|Grazing on the Common|
Midsummer Common has provided grazing for animals since at least the 12th century. Under an 1861 Common Seal of the Borough, the Rights of Common on Midsummer Green or Jesus Green were for geldings, mares and cows from Old May Day to Old Candlemas Day. Similar Rights existed for Butt Green but starting earlier - from Old Lady Day, but in the day time only. In 1923 the Council decided to exclude animals from Jesus Green.
Registration under the Commons Registration Act 1965 says that persons residing, owning or occupying land in the City of Cambridge have the right to graze geldings, mares and cows from 1st April to 30th November in each year to a total of 20 beasts over the whole of the land known as Midsummer Common. The Cambridge City Council Act 1985 allows the Council to prescribe the procedure for the registration of commoners entitled to graze animals, to set the number of grazing animals, and to make a reasonable charge. Cattle have been absent from the Common in some years but a local vet introduced a small herd of rare Red Poll steers in 2007.
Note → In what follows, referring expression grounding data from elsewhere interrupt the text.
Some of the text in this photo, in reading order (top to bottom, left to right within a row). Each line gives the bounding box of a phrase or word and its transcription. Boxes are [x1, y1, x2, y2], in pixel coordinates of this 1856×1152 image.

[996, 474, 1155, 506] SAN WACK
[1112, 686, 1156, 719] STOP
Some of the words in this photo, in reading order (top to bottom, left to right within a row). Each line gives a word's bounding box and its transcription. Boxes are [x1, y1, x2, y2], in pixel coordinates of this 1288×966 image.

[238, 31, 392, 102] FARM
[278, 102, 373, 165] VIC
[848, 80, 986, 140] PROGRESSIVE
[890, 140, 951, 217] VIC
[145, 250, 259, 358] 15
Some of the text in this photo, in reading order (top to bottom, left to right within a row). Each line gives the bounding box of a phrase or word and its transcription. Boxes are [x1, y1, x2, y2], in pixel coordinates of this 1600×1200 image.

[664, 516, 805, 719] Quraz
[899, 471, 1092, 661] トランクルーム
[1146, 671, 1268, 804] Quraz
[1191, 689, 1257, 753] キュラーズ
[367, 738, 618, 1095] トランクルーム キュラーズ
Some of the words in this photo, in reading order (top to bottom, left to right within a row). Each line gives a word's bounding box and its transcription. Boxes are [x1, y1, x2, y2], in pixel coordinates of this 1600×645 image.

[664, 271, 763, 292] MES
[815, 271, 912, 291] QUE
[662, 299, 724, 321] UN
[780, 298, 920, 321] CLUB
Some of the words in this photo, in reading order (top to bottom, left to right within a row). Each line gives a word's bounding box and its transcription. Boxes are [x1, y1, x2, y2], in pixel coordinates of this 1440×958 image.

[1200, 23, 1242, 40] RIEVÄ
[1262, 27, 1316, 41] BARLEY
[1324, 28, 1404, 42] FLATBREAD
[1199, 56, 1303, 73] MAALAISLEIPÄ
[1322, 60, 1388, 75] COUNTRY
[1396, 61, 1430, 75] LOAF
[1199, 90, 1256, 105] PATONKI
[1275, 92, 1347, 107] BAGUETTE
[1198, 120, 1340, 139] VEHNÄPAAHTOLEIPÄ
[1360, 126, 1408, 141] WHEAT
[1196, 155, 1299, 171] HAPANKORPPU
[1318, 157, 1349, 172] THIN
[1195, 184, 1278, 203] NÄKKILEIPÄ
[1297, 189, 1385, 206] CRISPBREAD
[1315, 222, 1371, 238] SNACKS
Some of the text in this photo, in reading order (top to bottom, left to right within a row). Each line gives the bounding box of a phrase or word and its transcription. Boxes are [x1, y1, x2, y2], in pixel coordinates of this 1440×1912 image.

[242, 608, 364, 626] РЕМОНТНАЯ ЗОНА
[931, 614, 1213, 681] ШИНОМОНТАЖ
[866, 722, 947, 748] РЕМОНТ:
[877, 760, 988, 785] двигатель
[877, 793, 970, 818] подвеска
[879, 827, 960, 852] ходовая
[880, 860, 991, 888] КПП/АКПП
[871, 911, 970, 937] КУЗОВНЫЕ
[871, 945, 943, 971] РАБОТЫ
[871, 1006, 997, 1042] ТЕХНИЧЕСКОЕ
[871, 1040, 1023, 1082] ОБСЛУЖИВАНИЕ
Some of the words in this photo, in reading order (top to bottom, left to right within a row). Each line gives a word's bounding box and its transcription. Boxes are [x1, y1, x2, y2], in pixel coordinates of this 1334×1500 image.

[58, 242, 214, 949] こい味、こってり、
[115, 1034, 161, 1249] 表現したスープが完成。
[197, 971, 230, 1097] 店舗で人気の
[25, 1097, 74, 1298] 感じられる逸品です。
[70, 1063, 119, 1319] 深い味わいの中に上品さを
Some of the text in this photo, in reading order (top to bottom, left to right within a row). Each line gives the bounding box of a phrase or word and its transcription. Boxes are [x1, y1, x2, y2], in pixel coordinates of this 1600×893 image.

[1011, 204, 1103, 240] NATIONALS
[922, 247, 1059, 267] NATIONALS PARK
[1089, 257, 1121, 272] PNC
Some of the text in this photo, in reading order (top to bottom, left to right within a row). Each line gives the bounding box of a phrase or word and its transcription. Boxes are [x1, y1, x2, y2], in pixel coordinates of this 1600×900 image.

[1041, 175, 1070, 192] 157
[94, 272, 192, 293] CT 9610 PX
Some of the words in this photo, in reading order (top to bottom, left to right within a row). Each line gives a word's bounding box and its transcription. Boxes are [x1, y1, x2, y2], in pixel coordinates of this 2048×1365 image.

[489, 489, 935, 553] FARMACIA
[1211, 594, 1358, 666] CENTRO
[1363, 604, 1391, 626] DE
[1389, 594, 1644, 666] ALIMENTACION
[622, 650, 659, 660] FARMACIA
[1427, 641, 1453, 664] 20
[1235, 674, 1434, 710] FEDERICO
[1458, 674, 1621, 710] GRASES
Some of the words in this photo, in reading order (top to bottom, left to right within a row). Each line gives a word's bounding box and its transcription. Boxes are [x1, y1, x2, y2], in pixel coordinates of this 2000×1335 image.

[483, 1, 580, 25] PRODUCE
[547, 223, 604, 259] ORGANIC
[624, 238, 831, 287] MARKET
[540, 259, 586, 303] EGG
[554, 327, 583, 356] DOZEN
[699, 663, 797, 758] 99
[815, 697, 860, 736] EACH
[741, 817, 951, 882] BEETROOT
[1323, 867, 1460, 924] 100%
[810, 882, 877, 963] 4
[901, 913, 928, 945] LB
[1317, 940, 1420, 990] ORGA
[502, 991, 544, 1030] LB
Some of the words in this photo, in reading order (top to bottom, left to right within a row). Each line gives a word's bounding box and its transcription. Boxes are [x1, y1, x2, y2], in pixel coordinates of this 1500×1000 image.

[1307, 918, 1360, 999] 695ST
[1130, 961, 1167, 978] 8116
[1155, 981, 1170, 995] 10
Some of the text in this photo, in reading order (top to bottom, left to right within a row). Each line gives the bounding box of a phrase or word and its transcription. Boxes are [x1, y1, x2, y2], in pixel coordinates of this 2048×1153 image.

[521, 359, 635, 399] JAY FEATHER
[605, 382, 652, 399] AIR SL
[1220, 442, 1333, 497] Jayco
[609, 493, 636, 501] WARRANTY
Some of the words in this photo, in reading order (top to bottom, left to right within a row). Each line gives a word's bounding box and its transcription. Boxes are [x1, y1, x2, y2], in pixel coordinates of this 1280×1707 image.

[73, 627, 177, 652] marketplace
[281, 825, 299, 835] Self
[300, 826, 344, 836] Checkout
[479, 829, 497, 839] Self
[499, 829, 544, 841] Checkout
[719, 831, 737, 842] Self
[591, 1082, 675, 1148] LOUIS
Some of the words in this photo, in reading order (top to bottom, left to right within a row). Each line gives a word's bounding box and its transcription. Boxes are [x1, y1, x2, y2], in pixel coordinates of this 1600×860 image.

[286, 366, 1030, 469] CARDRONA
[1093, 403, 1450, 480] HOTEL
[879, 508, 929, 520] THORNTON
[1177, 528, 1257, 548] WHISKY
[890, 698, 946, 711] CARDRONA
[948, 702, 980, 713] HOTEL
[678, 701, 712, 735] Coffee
The Red Poll is derived from the original cattle of Norfolk and Suffolk - the Norfolk cow was crossed with the Suffolk polled bull. In the first half of the 18th century it was one of the dominant breeds in English dairy farming. It still maintains the dual purpose characteristics which now give the Red Poll such a valuable niche role in today's quality beef production.
The wider picture
Commoners have long had rights to grazing on Cambridge Commons. These rights were registered under the Commons Registration Act 1965 and are shown in the following table:
Under section 6(3) of the same Act, the Council may detain and sell any animal that is found grazing on the common land without its consent (in accordance with section 7 of the Animals Act 1971). These powers give the Council great scope for managing animals on Midsummer Common.